Segundo, mencionó un factor nutricional. Tercero, observan que casos post COVID-19 que utilizaron esteroides desarrollaron cataratas de manera más temprana.
Además, el director indicó que, según cifras internacionales, se estima que, por cada millón de habitantes, se presentan 6.000 cataratas al año. Para la región, esto se traduce en que en la región zuliana hay aproximadamente tres millones de persona, “entonces tendíamos un promedio de 18 mil cataratas anualmente, una cifra que el Gobierno y las instituciones aún no logran operar completamente a todas estas personas”.

“Por lo tanto, siempre hay un remanente quirúrgico que se va acumulando, porque la tendencia es que se vaya acumulando cada año. Por eso es que tenemos unas cifras tan altas en nuestro estado. A pesar de los esfuerzos, no hemos llegado a 18.000 cataratas al año. Probablemente por el sector público se estén haciendo unas 3.000 a 4.000 al año”, dijo.

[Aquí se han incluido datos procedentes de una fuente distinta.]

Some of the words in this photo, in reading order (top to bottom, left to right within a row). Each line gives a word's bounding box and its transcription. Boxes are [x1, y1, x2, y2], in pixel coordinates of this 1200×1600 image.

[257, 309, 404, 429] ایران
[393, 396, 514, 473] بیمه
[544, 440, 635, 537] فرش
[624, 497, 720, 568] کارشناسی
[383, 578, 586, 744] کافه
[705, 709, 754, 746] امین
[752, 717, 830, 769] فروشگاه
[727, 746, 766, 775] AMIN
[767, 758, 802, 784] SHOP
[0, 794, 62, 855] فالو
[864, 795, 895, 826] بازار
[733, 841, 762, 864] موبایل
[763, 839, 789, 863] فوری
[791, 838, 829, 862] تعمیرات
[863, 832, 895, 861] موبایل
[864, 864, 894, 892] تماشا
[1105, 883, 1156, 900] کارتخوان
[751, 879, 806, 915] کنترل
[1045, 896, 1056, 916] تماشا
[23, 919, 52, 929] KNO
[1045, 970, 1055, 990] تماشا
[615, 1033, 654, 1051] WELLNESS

Sobre la creciente demanda en la atención oftalmológica
Destacó que el sistema de salud se está adecuando a la demanda actual, con un “esfuerzo extraordinario” por parte de los entes gubernamentales para fortalecer la infraestructura y los servicios.
Señaló que el servicio de oftalmología del Hospital Universitario, «que estuvo temporalmente inactivo debido a un déficit de equipos, ya está funcionando nuevamente. Se espera que esta reactivación, junto con la colaboración de la Gobernación del estado y las alcaldías puedan reducir la demanda, y que contribuya a una disminución en la afluencia de pacientes el próximo año».

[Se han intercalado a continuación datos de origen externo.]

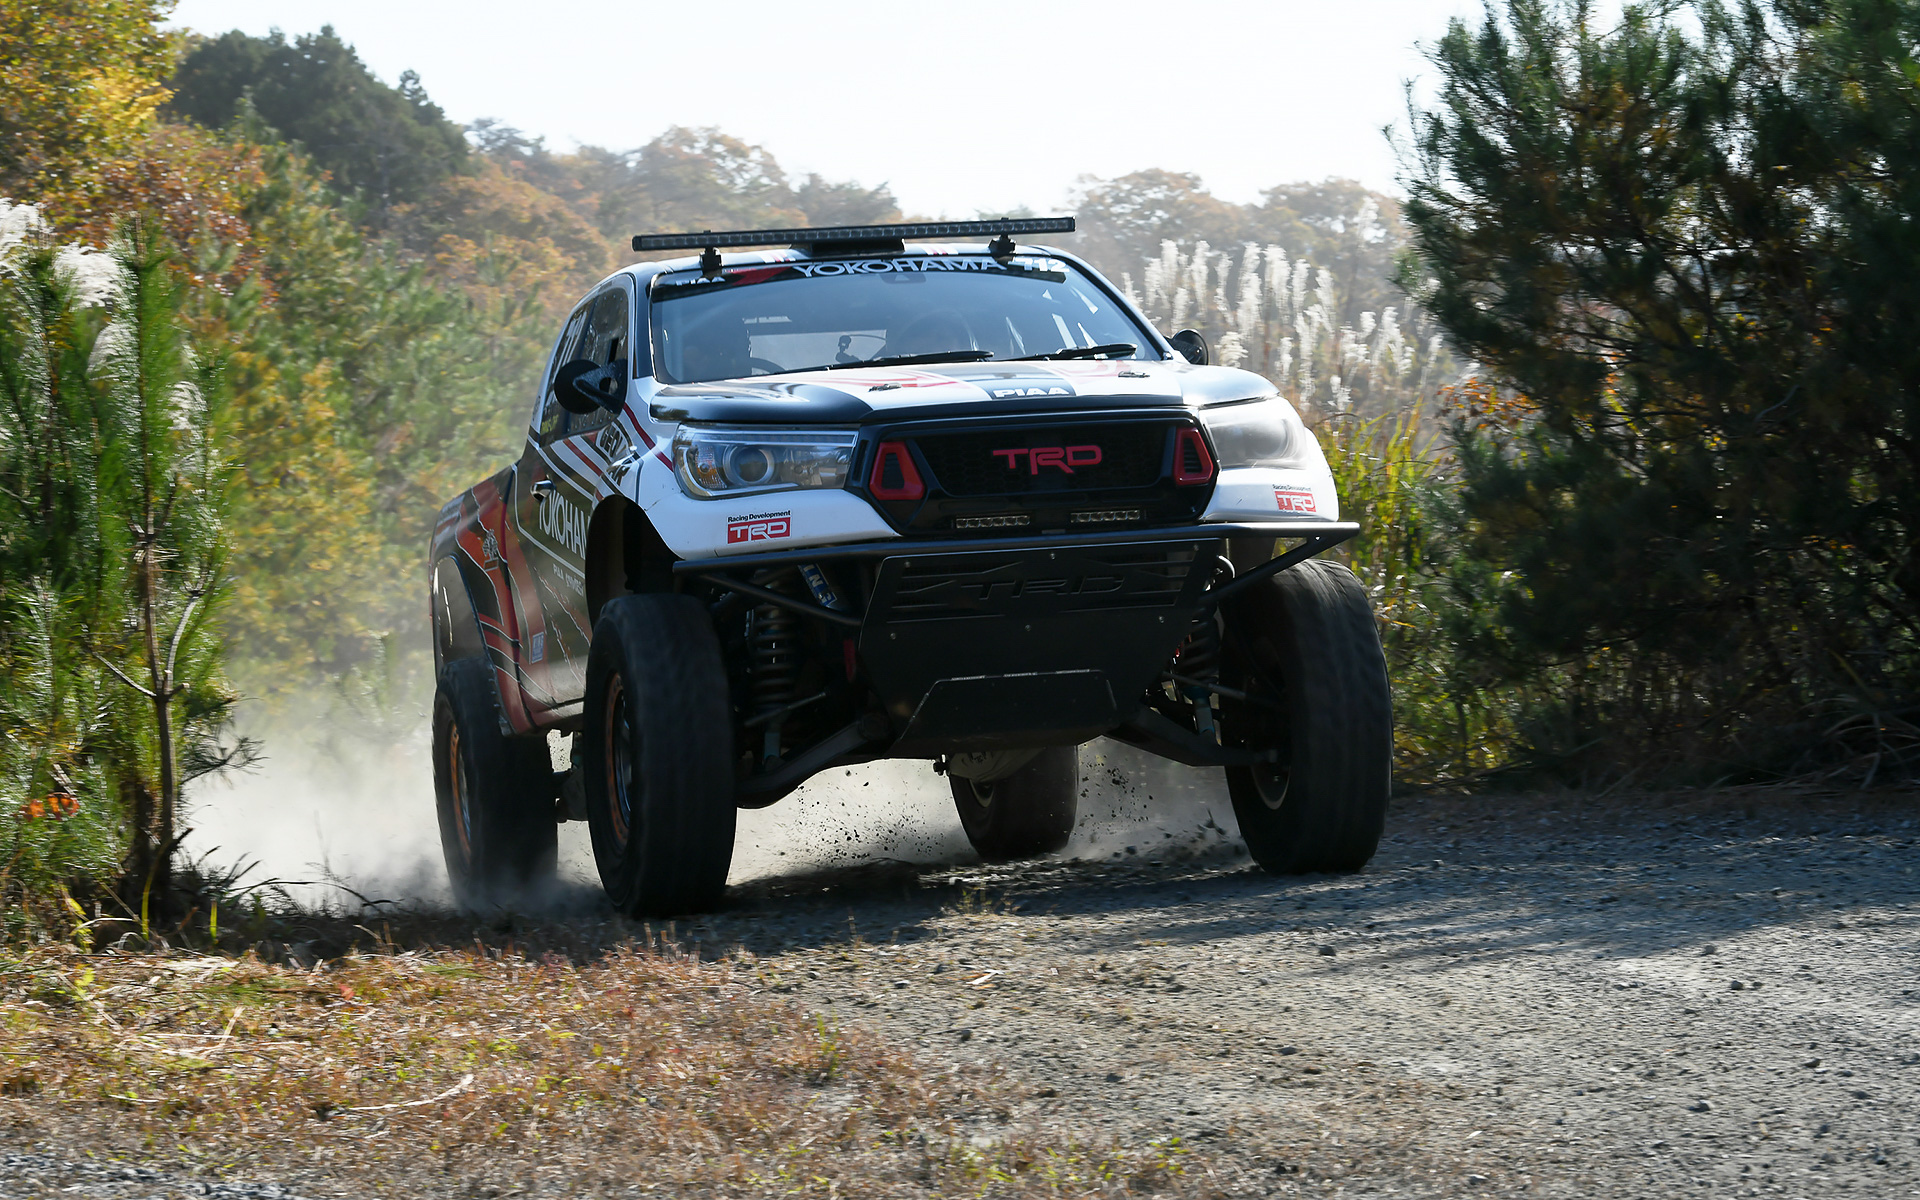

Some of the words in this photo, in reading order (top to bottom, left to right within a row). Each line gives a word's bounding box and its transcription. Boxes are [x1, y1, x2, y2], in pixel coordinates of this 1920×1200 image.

[793, 258, 1007, 278] YOKOHAMA
[992, 387, 1070, 398] PIAA
[993, 445, 1103, 475] TRD
[1277, 494, 1315, 512] TRD
[728, 514, 749, 523] Racing
[749, 510, 791, 520] Development
[730, 521, 787, 541] TRD
[960, 575, 1126, 601] TRD

También habló sobre el cambio en la cobertura de los seguros privados. “Anteriormente, la población tenía mayor acceso a seguros privados que cubrían una parte significativa de la demanda oftalmológica”. Sin embargo, en la actualidad, muchos ya no incluyen procedimientos como las cirugías de cataratas en sus servicios, lo que obliga a los pacientes a recurrir a los hospitales públicos, generando una sobrecarga en el sistema.

En cuanto a las necesidades tecnológicas, el director no especificó carencias puntuales, sino que destacó la adecuación y el esfuerzo continuo para mejorar la capacidad operativa.
Recomendaciones para todos los pacientes
“Acudir a su oftalmólogo una vez al año. Al tener la catarata, tratar de operársela lo más pronto posible. Ya la tendencia de dejar que se madure no se utiliza con las tecnologías actuales, al contrario, mientras más blanda se opere la catarata, la recuperación es más rápida y el resultado visual es mejor y por supuesto menor clase de complicación», afirmó.